(Items from a dataset)
=====
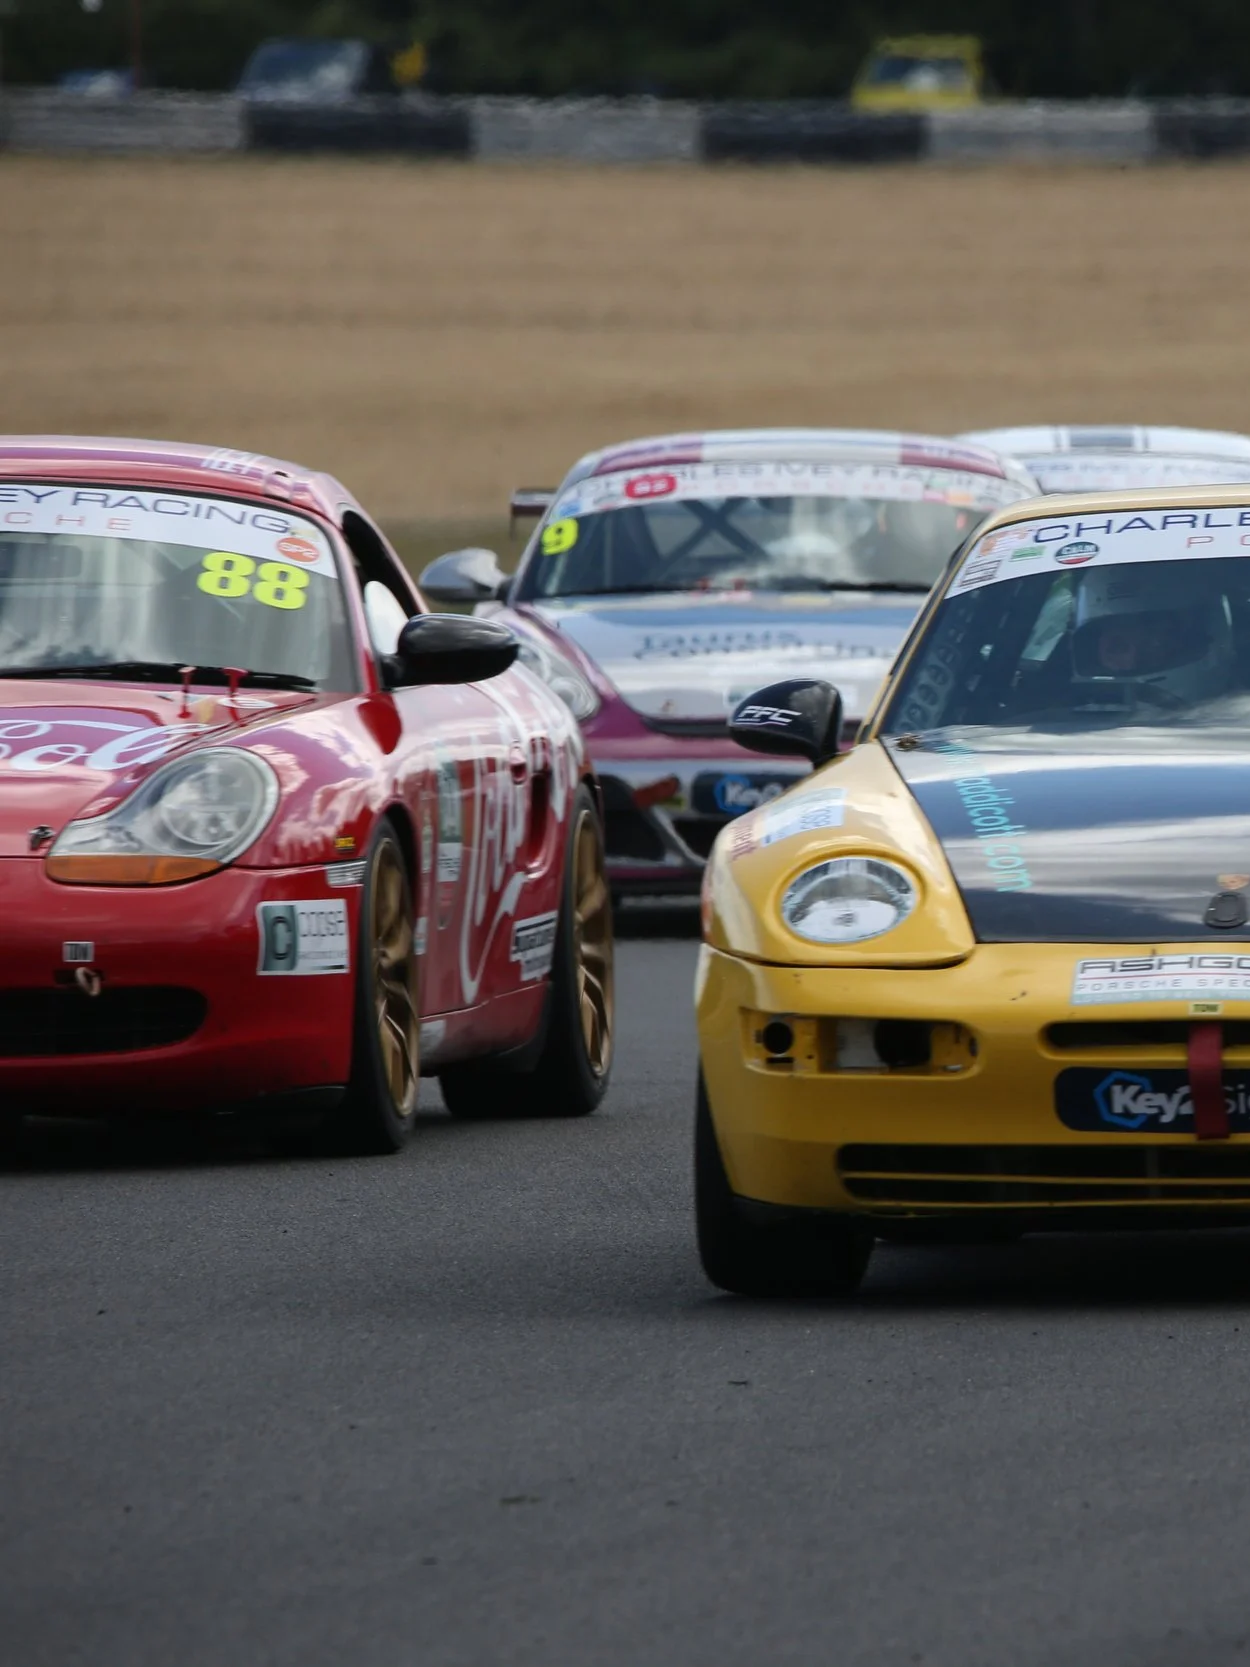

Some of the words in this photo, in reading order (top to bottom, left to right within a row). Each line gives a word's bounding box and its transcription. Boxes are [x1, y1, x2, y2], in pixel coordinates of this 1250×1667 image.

[71, 491, 290, 534] RACING
[541, 517, 580, 556] 9
[197, 552, 310, 610] 88
[1076, 978, 1183, 992] PORSCHE
[1193, 1003, 1219, 1013] TOW
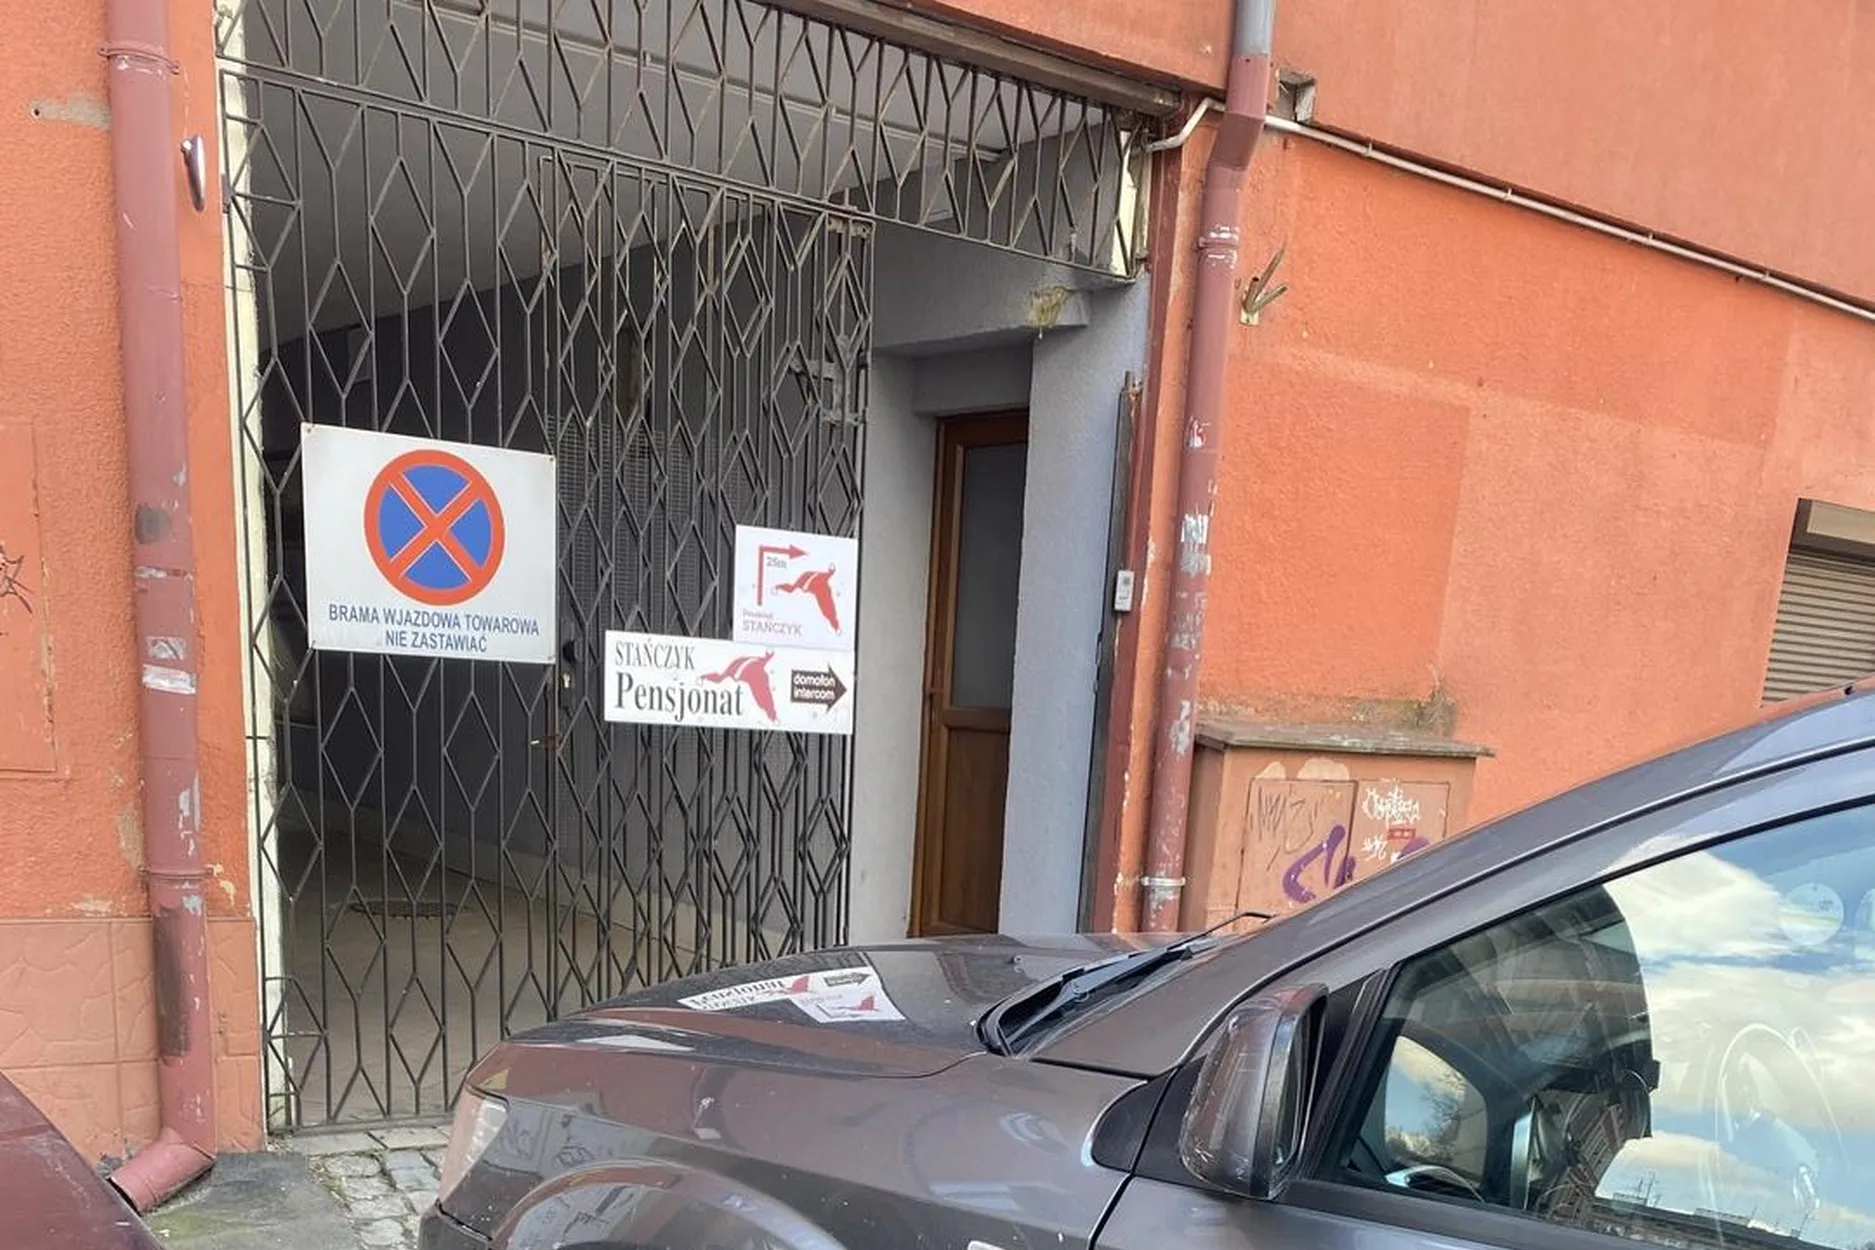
=====
- To do
Images stay out, but the rest of the records must be retyped exactly.

- Answer space
Some of the words in this photo, in reading order (top to bottom, left to right within a row). Each line gives a word's bounding box and its transcription. Boxes are [x1, y1, x2, y2], in pixel coordinates of this 1250×1667 image.

[71, 491, 290, 534] RACING
[541, 517, 580, 556] 9
[197, 552, 310, 610] 88
[1076, 978, 1183, 992] PORSCHE
[1193, 1003, 1219, 1013] TOW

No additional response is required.